Uğurlu, "Gelişmekte olan ülkelerde gebelikte kansızlık görülme sıklığı yüzde 50’lerin üzerinde olabilir ve anne ölümlerinin yüzde 40-60’ından sorumludur. Kansızlık; en sık demir ve folik asit eksikliğinde görülür. Ayrıca B12 vitamini eksikliği de anemiye neden olur" dedi.
Hamilelik sırasında anemi riskini artıran durumlardan da bahseden Uğur, "İki yakın aralıklı hamileliğiniz varsa, birden fazla bebeğe hamileyseniz, sabah bulantısı nedeniyle sık sık kusuyorsanız, yeterince demir açısından zengin yiyecekler tüketmiyorsanız, hamilelik öncesi yoğun adet kanamanız varsa, hamileliğinizden önce anemi geçmişiniz varsa bu durum riski arttırabilir" diye konuştu.

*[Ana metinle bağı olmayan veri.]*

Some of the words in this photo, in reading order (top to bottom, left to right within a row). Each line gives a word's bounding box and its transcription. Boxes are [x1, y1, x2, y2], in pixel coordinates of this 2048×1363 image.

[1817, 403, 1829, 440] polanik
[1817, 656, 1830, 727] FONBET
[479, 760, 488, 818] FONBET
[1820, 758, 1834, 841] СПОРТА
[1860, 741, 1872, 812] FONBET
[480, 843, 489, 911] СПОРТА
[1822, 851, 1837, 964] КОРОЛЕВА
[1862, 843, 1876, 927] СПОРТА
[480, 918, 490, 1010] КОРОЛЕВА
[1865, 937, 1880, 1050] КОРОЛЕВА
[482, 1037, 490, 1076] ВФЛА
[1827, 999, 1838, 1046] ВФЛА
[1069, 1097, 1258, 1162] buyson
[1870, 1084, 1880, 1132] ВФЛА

Gebelikte ekstra demir kullanımı önemli
Gebelikte ekstra demir kullanımı önemli olduğuna işaret eden Uğurlu, şunları söyledi:
"Gebelikte kan hacmindeki artış, fetüs ve plasentanın ihtiyaçları nedeniyle, anne adayının günlük 4 mg demir ihtiyaç ortaya çıkar. Bu ihtiyaç gebelik öncesi dönemin 2 katıdır. Gıdalardaki demirin ancak yüzde 10 kadarı emilebildiğinden, gebelikte ekstra demir kullanımı zorunlu olmaktadır. Gebeliğin erken dönemlerinde ölçülen kan hemoglobin ve ferritin düzeyleri ile demir eksikliği tespit edilmelidir. Hayvansal et tüketimi ve C vitamini içeren gıdaların alınması ihmal edilmemelidir. Kansızlık (anemi) yoksa 60 miligram gibi önleyici dozda demir önerilirken; anemik gebelerde günlük doz 100 miligram ve üzeri olabilir.

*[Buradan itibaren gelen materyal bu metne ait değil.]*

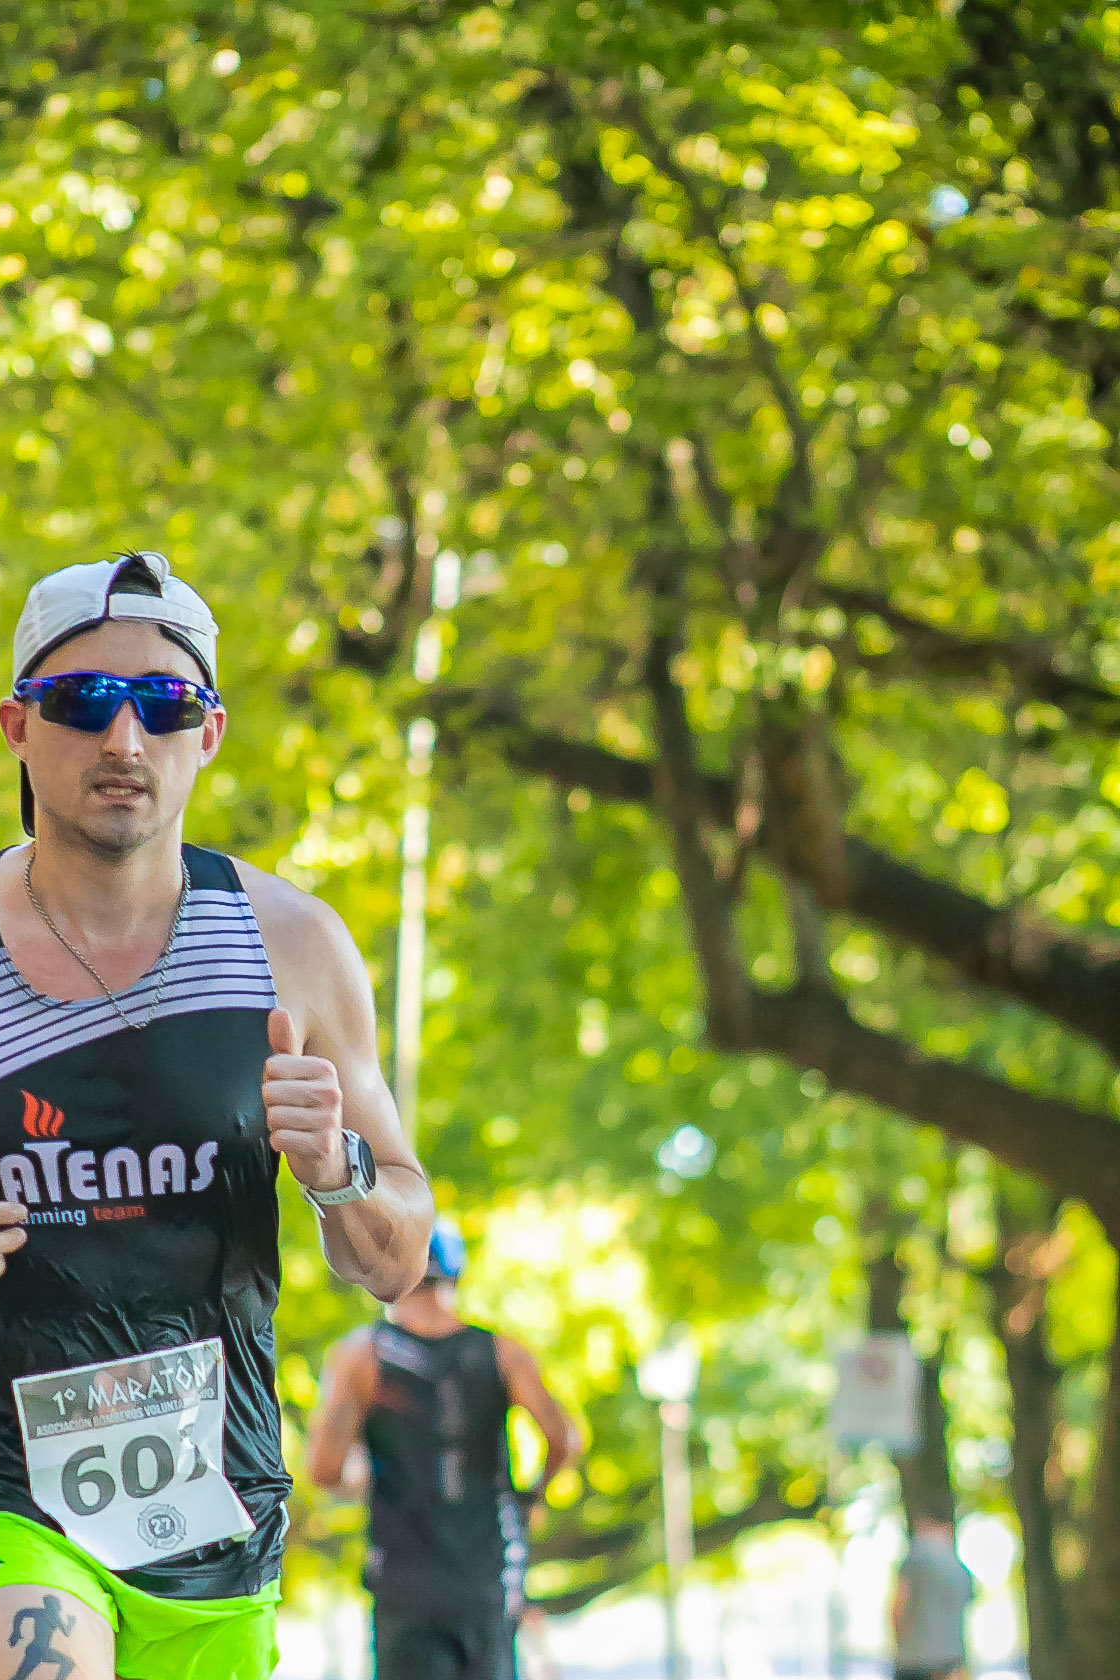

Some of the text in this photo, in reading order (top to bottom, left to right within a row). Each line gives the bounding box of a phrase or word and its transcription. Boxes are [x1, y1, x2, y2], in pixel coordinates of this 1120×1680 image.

[20, 1205, 146, 1226] nning team
[87, 1356, 207, 1411] MARATÓN
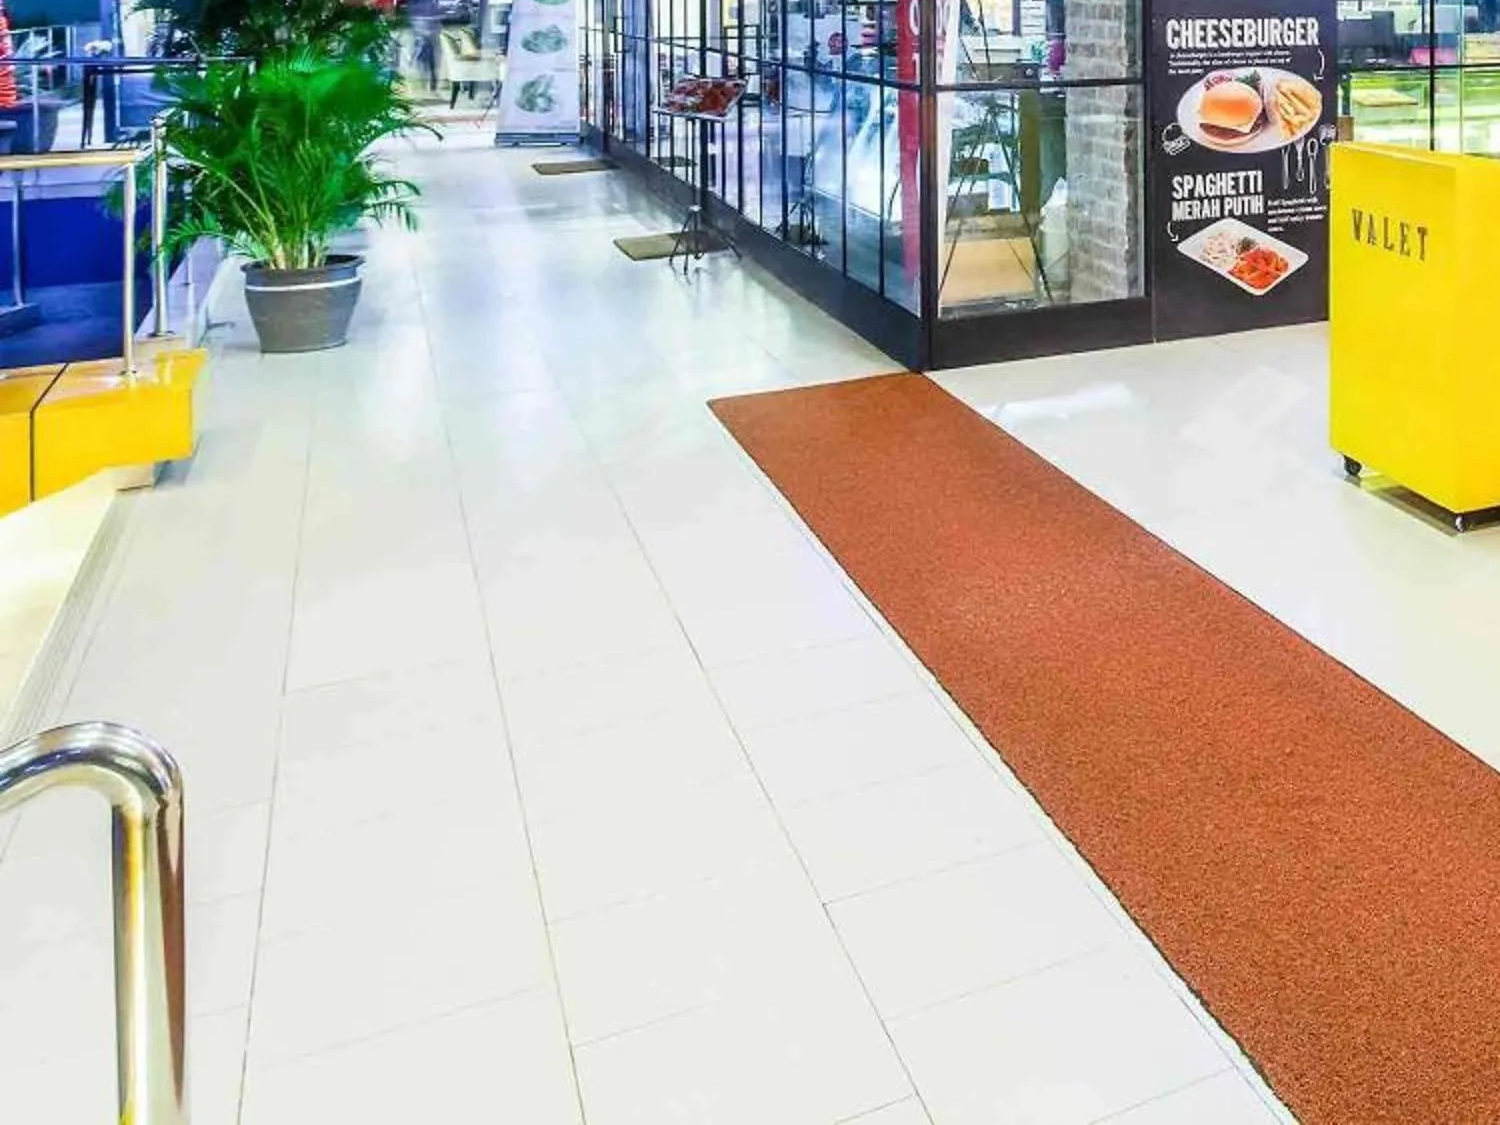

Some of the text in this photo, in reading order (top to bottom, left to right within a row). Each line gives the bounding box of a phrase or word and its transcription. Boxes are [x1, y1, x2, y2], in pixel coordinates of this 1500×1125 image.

[1166, 17, 1319, 49] CHEESEBURGER
[1172, 171, 1262, 199] SPAGHETTI
[1172, 198, 1221, 221] MERAH
[1223, 195, 1264, 216] PUTIH
[1352, 209, 1429, 261] VALET

Gebeliğin erken dönemlerinde etkili olan folik asit eksikliği, bebekte yarık dudak-damak ve spina bifida gibi önemli anormalliklere neden olabilir. Ayrıca folik asit eksikliğinin, erken doğuma da yol açtığı bilinmektedir. Folik asit; brokoli, brüksel lahanası ve ıspanak gibi sebzelerde bolca bulunur. Fakat pişirme sırasında etkinliği azalmaktadır. Günümüzde gebelik öncesi günlük 400 mikrogram folik asit başlanması önerilmektedir. Belirgin folik asit eksikliği ve kansızlık tespit edilirse tedavi dozu günlük 5 miligramdır. Epilepsi ilacı kullanan gebeler ve talasemi taşıyıcıları da mutlaka tedavi dozunda folik asit kullanmalıdır."

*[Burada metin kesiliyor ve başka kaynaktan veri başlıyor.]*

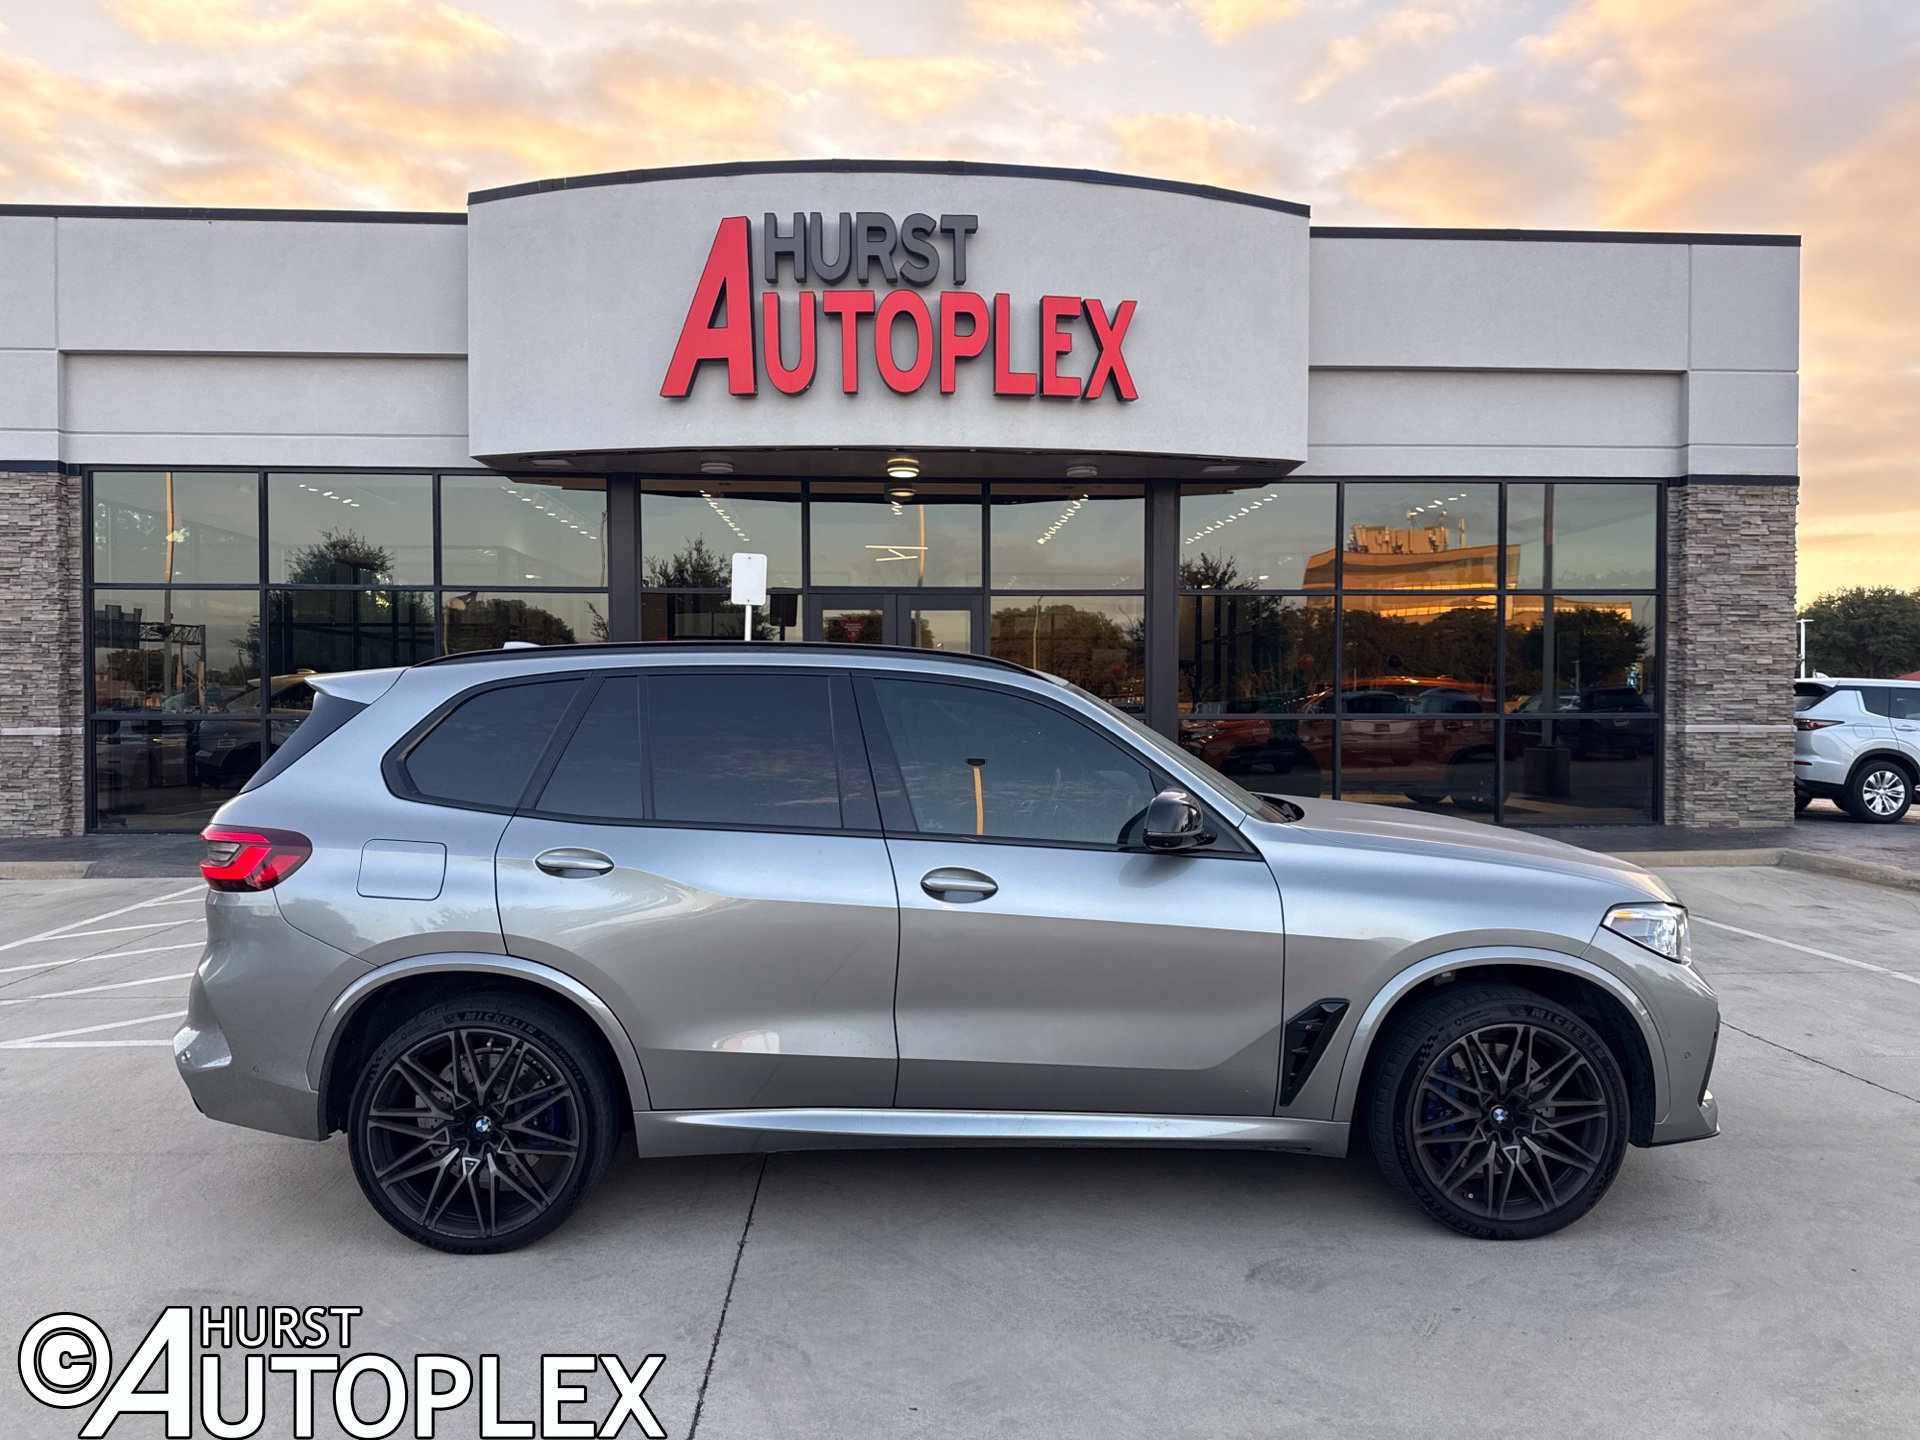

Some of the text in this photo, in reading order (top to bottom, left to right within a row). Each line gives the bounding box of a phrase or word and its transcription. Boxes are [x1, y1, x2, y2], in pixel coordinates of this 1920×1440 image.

Uğurlu ayrıca gebelikte, fetusun artan ihtiyacı nedeniyle annede B12 eksikliği görülebildiğini de sözlerine ekleyip, "Vejetaryenler, sigara içenler ve daha önce doğum kontrol hapı kullananlarda B12 eksikliği riski artmaktadır. B12 eksikliğinin kısırlığa neden olduğu da bilinmektedir. B12 eksikliğinde, el ve ayaklarda keçeleşme, karıncalanma, halsizlik ve konsantrasyon güçlüğü gibi belirtiler ortaya çıkar. Bebeklerde doğum sonrası 6’ıncı ayda ortaya çıkan, büyüme-gelişme geriliği ve anemi ile karakterize bir sendrom görülebilir. B12 vitamini hayvansal ette yüksek oranda bulunur. Gerekli durumlarda ağızdan veya kas içine iğne şeklinde B12 ilaçları kullanılmalıdır" dedi.